Tuesday, December 28, 2010

12-27 and 58

A White Russian in Chicago / 2008
"How does it feel to be 58?" my mom asked.
"Pretty weird," I answered.

58. Fifty-eight. Cincuenta y ocho. No matter how I write it or say it in my head, it's weird to look at it and hear it. But with another birthday in the bank, it's time to get used to it: 59 is only 364 days away.

Actually, I think I'll remember this birthday more than most others. Why? Two things, I suppose. One that brought me face-to-face with a reminder of our mortality. And, two, a celebration here at home that underscored the centrality of family in my life.

The first moment came when I visited a friend in the hospital, a fellow member of the Broken Taco Shells bowling team who's three years younger than me. Late last week, he was in an exercise class when he started to feel some tightness in his chest. He left class to gather himself and after a short rest intended to drive about a mile back to his home. Instead, he trusted his instincts and drove himself to a hospital. Turned out he had 85 percent blockage in his arteries and wound up undergoing a quadruple bypass surgery. He's an exercise buff and eats well, for the most part, so he's recovering quickly and is scheduled to go home today. His positive attitude was great to see and it was nice to spend time with him. But, still, it was a shock to hear of his ordeal and a reminder to never take my good health for granted. Here's to a quick and complete recovery!

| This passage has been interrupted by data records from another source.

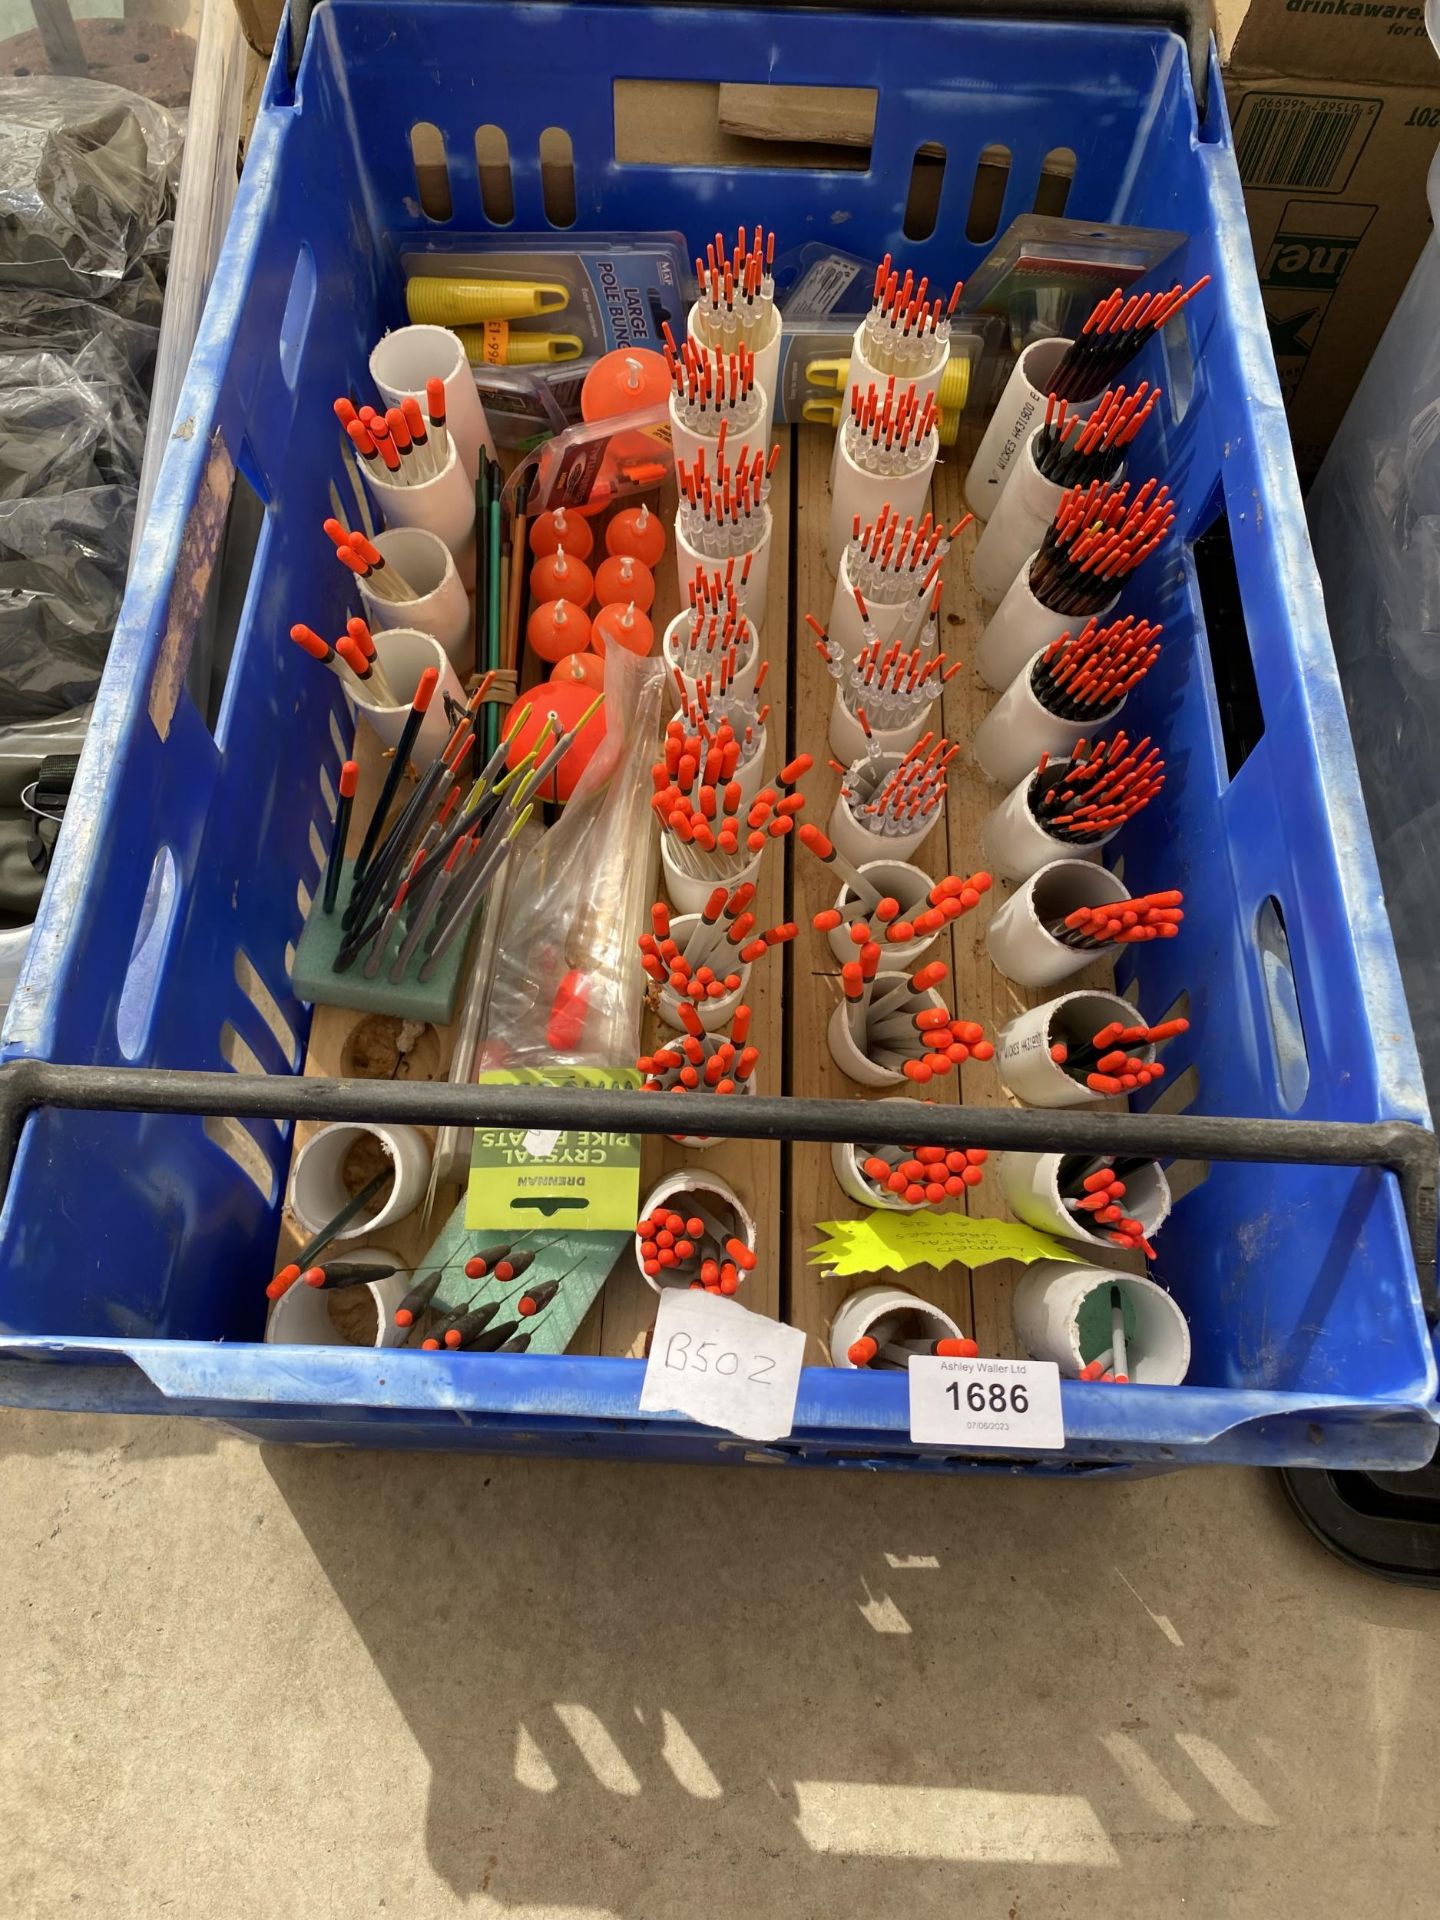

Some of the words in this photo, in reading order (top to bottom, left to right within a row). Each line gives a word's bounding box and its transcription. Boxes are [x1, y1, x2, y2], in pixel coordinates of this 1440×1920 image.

[1387, 23, 1412, 36] for
[596, 261, 621, 303] POLE
[623, 287, 649, 339] LARGE
[996, 439, 1017, 470] WICKES
[1011, 401, 1035, 439] H431900
[481, 1130, 569, 1147] FATS
[578, 1131, 631, 1147] PIKE
[517, 1176, 586, 1187] DRENNAN
[665, 1331, 777, 1385] B502
[940, 1361, 975, 1374] Ashley
[977, 1363, 1009, 1373] Waller
[1010, 1364, 1027, 1374] Ltd
[945, 1381, 1029, 1413] 1686
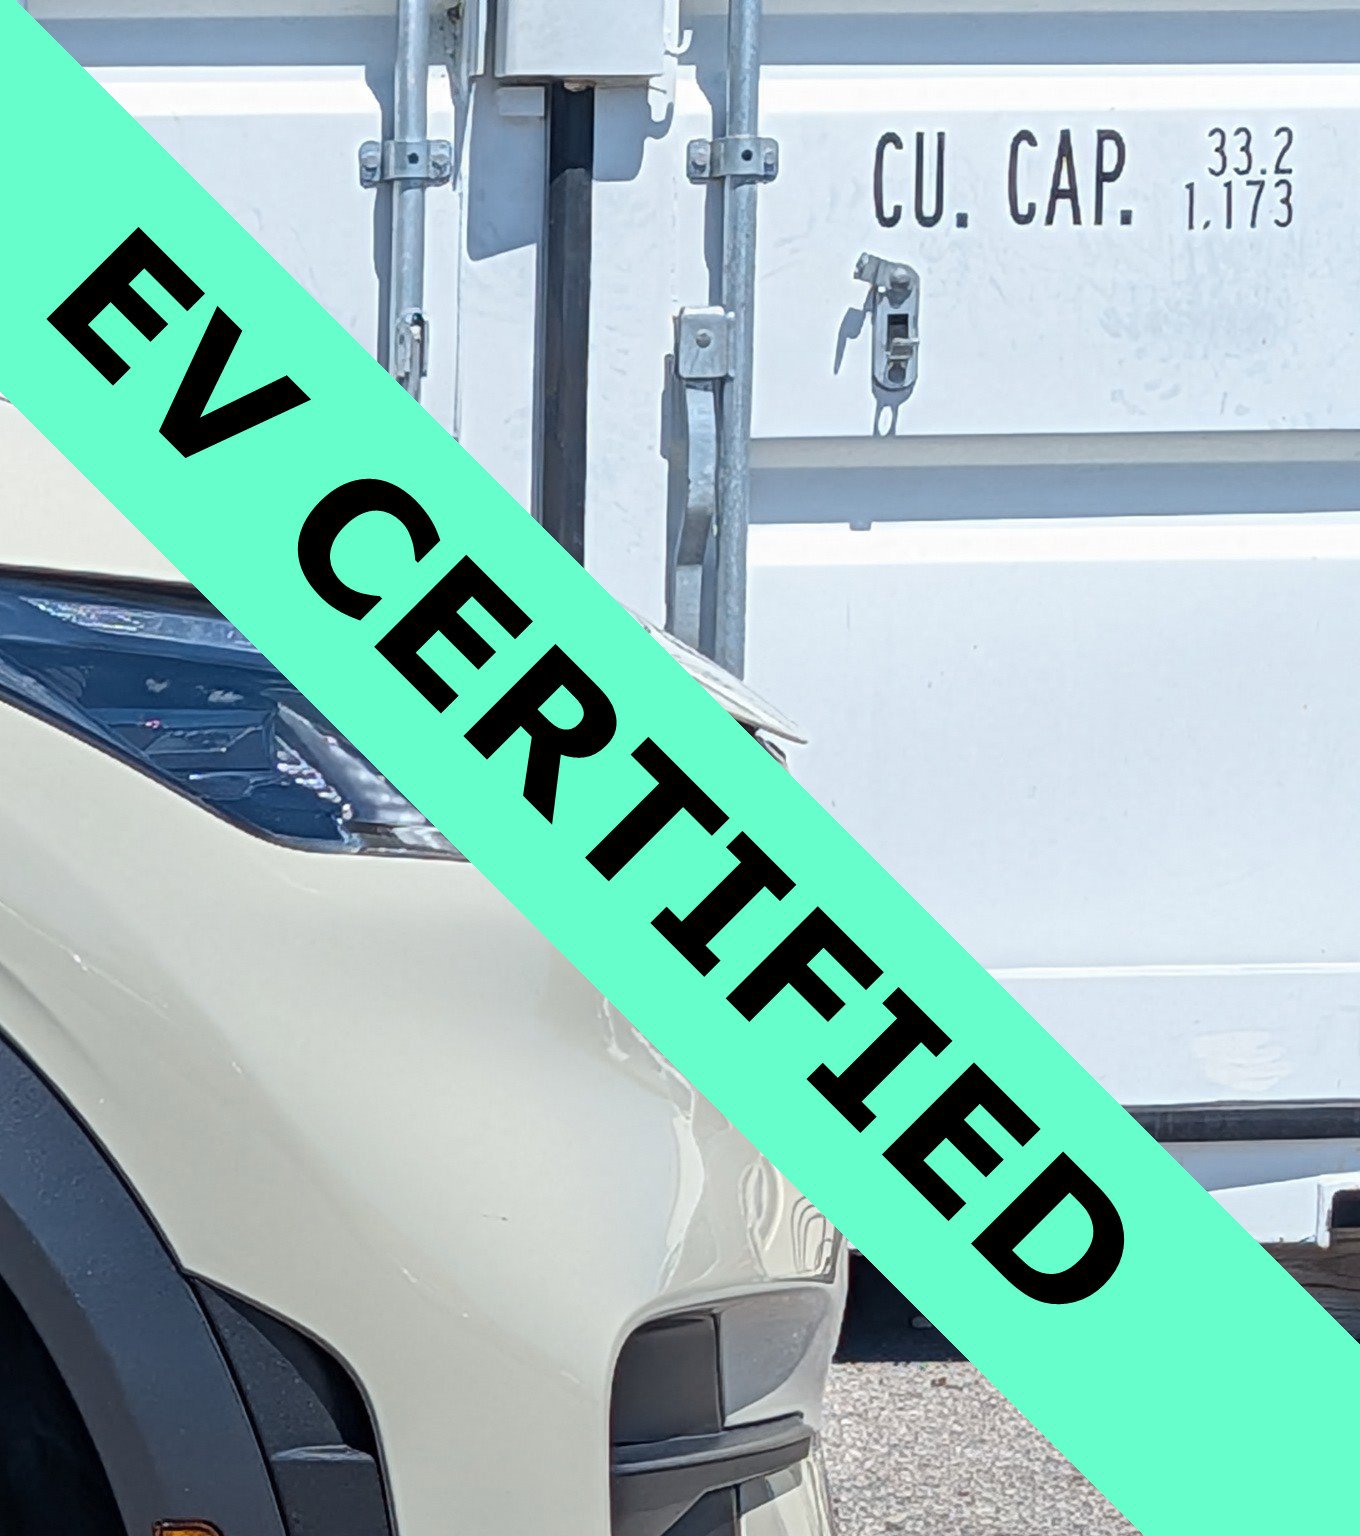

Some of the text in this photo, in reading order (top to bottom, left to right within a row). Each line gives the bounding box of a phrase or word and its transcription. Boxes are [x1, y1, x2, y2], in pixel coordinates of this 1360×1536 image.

[873, 129, 1132, 228] CU. CAP.
[1208, 127, 1293, 177] 33.2
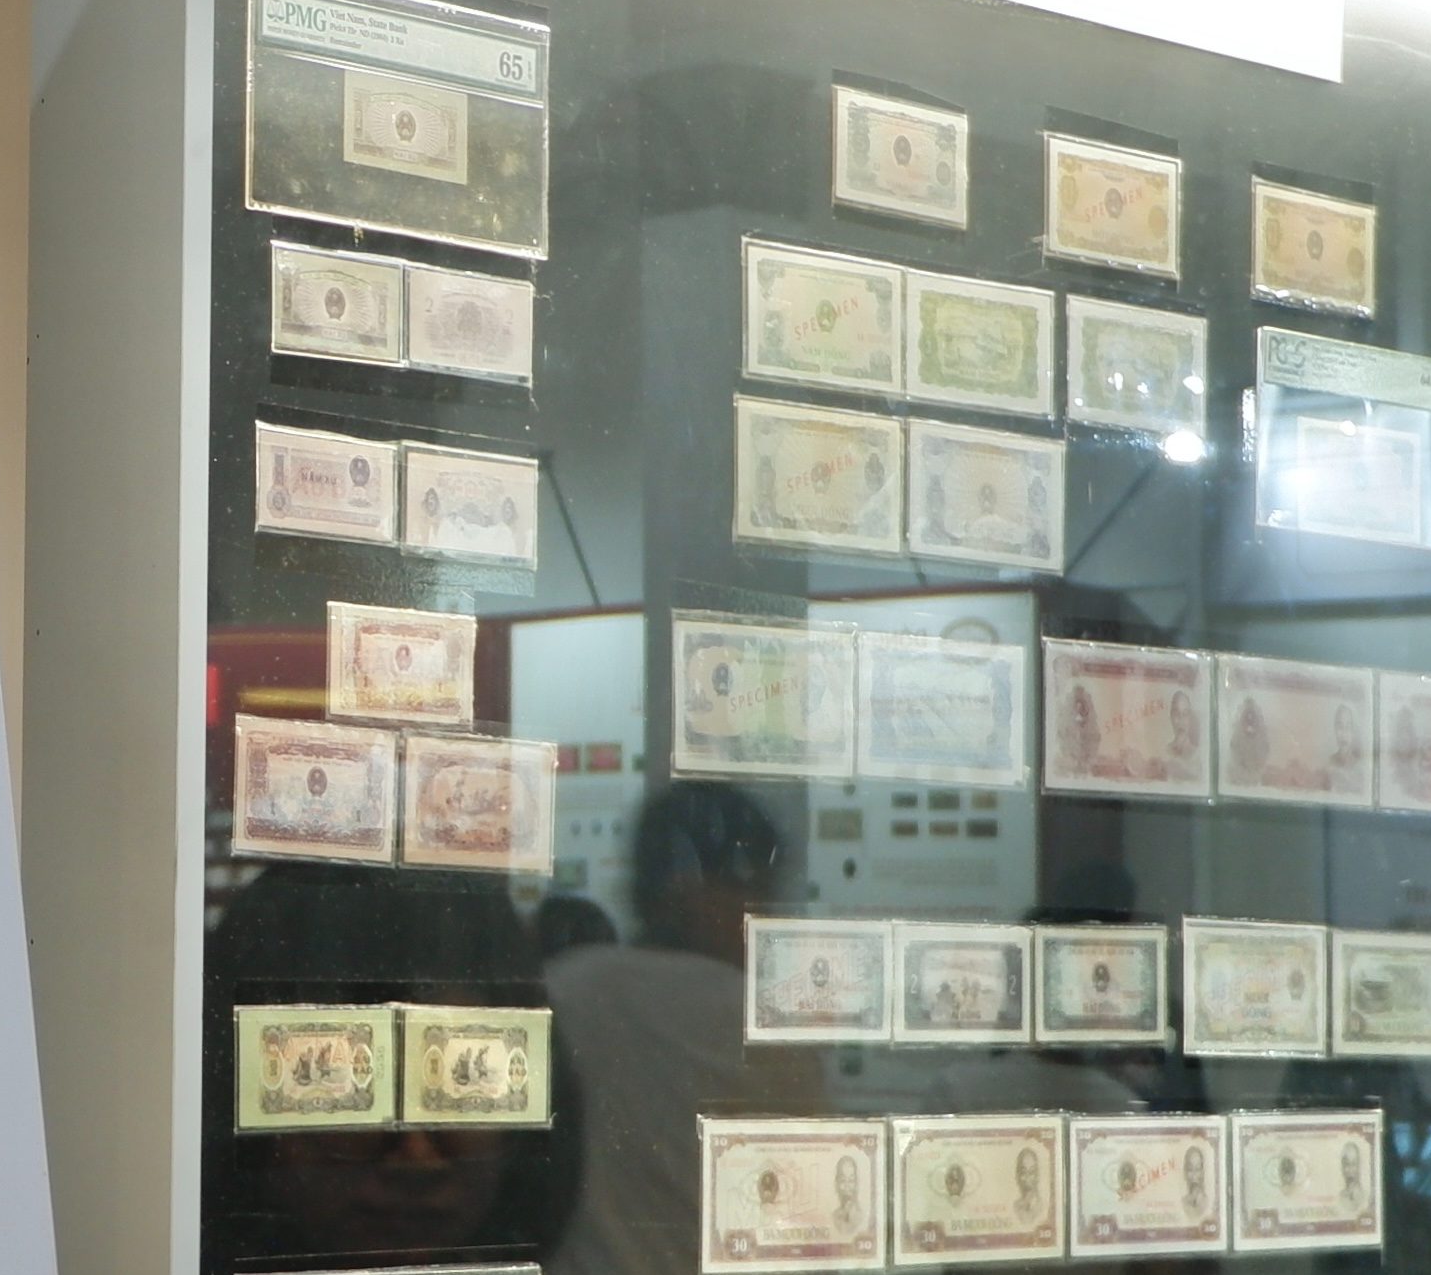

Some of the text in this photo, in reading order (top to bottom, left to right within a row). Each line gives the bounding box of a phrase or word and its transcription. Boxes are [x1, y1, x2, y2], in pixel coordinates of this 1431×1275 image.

[284, 1, 327, 33] PMG
[499, 51, 524, 81] 65
[921, 1229, 937, 1243] 30
[1096, 1223, 1111, 1236] 30
[731, 1237, 748, 1252] 30

The second moment came during the evening, when I found myself once again sitting down to a delicious meal prepared by my wife and two of our kids and consuming it in the warmth of the glow from our faux fireplace. It felt like a cocoon, being there with Lori, Nathan, Simone and their partners Sara and Kyndall, enjoying wine, food, presents and phone calls from my parents and sisters. (Would have been nice to have Jordan and Jamie, too, but they couldn't break away from Olympia.) Throw in six dozen birthday wishes on Facebook from friends and relatives and you can see why I might have felt overwhelmed by people's kindness.

As I set off to go to work this morning, I realize yet again how blessed I am to live this life.